Description:

The industrial water treatment softening water equipment is an ion exchange softener that removes hardness ions like calcium and magnesium from water using ion exchange resins. This equipment is effective in reducing water hardness, preventing scale formation in equipment and pipes, extending equipment service life, and improving operating efficiency. It comes integrated with an automated control system for easy and efficient operation.

Working Principle:

The softening water equipment functions by softening water through an ion exchange process. The hard water is passed through a filter that is filled with cation exchange resin. The calcium and magnesium ions in the water are exchanged with sodium ions on the resin, reducing the concentration of calcium and magnesium ions and achieving a softening effect. The resin is regenerated by flushing with brine, which restores the resin to its exchange capacity and continues water treatment cycle.

The working steps involved in the process are exchange, backwash, salt absorption, slow flush, and fast flush.

Features:

The product has the following features:

• Efficient hardness removal: the product can quickly and effectively remove hardness ions in water to ensure water quality.
• Flexible application: the product can be customized according to different water sources and treatment requirements, and can be expanded and configured to meet a variety of industrial applications.
• Automation control: the product is equipped with an advanced automation control system to achieve timed operation and automatic regeneration.
• User-friendly interface: the product has a simple and easy-to-understand operation interface, making it convenient for users to conduct daily monitoring and management.
• Improve production efficiency: the product can improve heat exchange efficiency in the production process and reduce energy consumption.

Function:

The product has the following functions:

• Remove calcium and magnesium ions in water to reduce water hardness.
• Prevent scaling inside the equipment to protect boilers, cooling towers and other facilities.
• Improve water utilization efficiency and reduce energy consumption.
• Provide real-time water quality monitoring to ensure that water quality meets international standards.

Technical Parameters:

Various factors can affect the regeneration process of resin, including the influent salt content, temperature, regeneration agent purity, regeneration liquid flow rate, regeneration liquid concentration, regeneration agent dosage, resin layer height, and filtration rate.

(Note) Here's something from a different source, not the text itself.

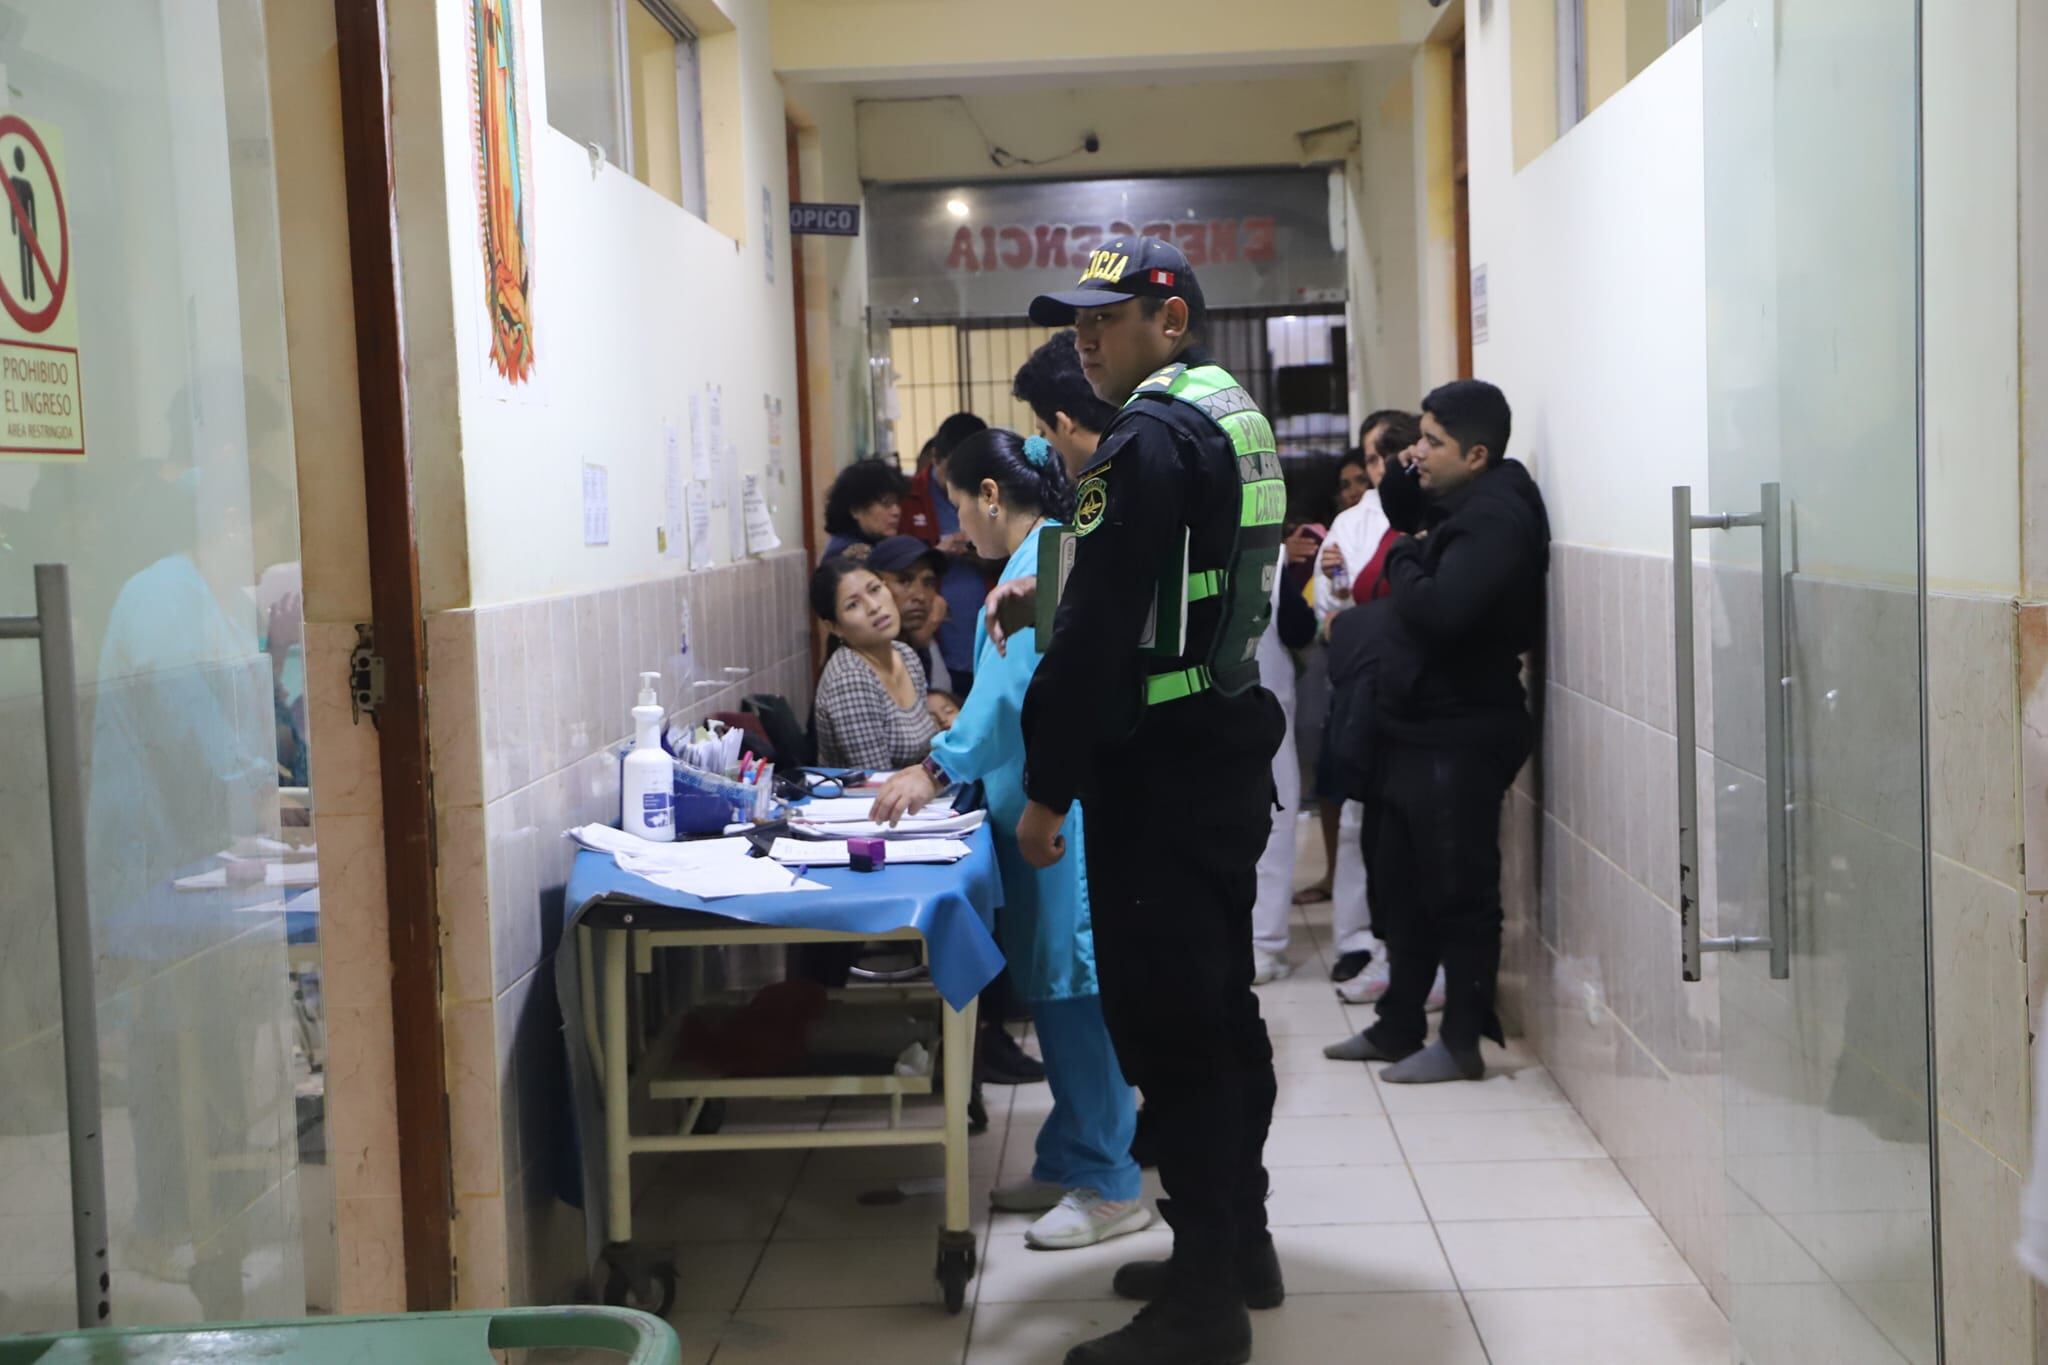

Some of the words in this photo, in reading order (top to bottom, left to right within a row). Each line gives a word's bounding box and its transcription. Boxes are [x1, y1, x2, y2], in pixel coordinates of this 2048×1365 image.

The salt content of the influent solution can impact the regeneration process of resin. Resin can become saturated with salt, leading to poor performance. It is crucial to have an appropriate salt content for optimum resin regeneration.

Temperature can also impact the regeneration process. Higher temperatures generally enhance the regeneration process, while lower temperatures can slow it down, or at worst, lead to ineffective regeneration.

The purity of the regeneration agent plays an essential role in the process as impurities can contaminate the resin, leading to poor performance and reduced effectiveness. It is critical to use regeneration agents that are of excellent quality and free from impurities.

The regeneration liquid flow rate and concentration can significantly impact the regeneration process. Appropriate flow rates and concentrations are necessary for efficient regeneration. The recommended flow rate for regeneration liquid is between 0.25 and 0.9gpm/ft3 or downstream flow rate of 4~6m/h while countercurrent regeneration should be between 2 and 3m/h, with salt liquid concentration at about 10%.

The regeneration agent dosage is another vital factor that needs to be considered during the regeneration process. The recommended dosage for salt regeneration is 120~240g/l salt regeneration one liter of resin for optimum effectiveness.

The resin layer height and filtration rate can also affect the regeneration process. Resin layer height should be greater than 30ft (762mm), and the recommended filtration rate for small devices can be appropriately increased to between 20 and 30m/h.

Applications:

The use of water is vital in many industries, where it serves varied purposes, depending on the specific industry. Here are some examples of how industries use water for their production processes:

Chemical Industry:

Water is used in various chemical reactions in the chemical industry to ensure that the reaction processes remain stable. The quality of water used for chemical reactions is critical since the presence of impurities can affect the reaction's outcome. Therefore, water treatment is necessary to ensure that the water being used in chemical reactions meets the required quality standards.

Food and Beverage Industry:

In the food and beverage industry, water is used in various ways, including as an ingredient in food production and as a cleaning agent. It is, therefore, essential to treat the water used in food production to meet the safety requirements. Proper treatment of production water helps to ensure that the water quality meets food safety standards.

Pharmaceutical Industry:

The pharmaceutical industry requires high-quality water sources to ensure the hygiene and safety of drug production. Water that is not treated for impurities can result in contaminated products. Therefore, the pharmaceutical industry must use treated water that meets high-quality standards.

Electronics Industry:

Ultrapure water is necessary in the electronics industry for pretreatment to minimize the effect of pollutants on the production process. Impurities in water can negatively impact the performance of electronic devices. Thus, the electronics industry needs to treat water to the quality standards required for their production processes.

Power Generation Industry:

The power generation industry requires softened water to prevent scaling from affecting heat exchange equipment. The production of scale in the equipment can significantly reduce its efficiency, leading to high operational costs. Therefore, the industry uses water softening techniques for boiler feedwater to prevent scaling, ensuring optimal performance of heat exchange equipment.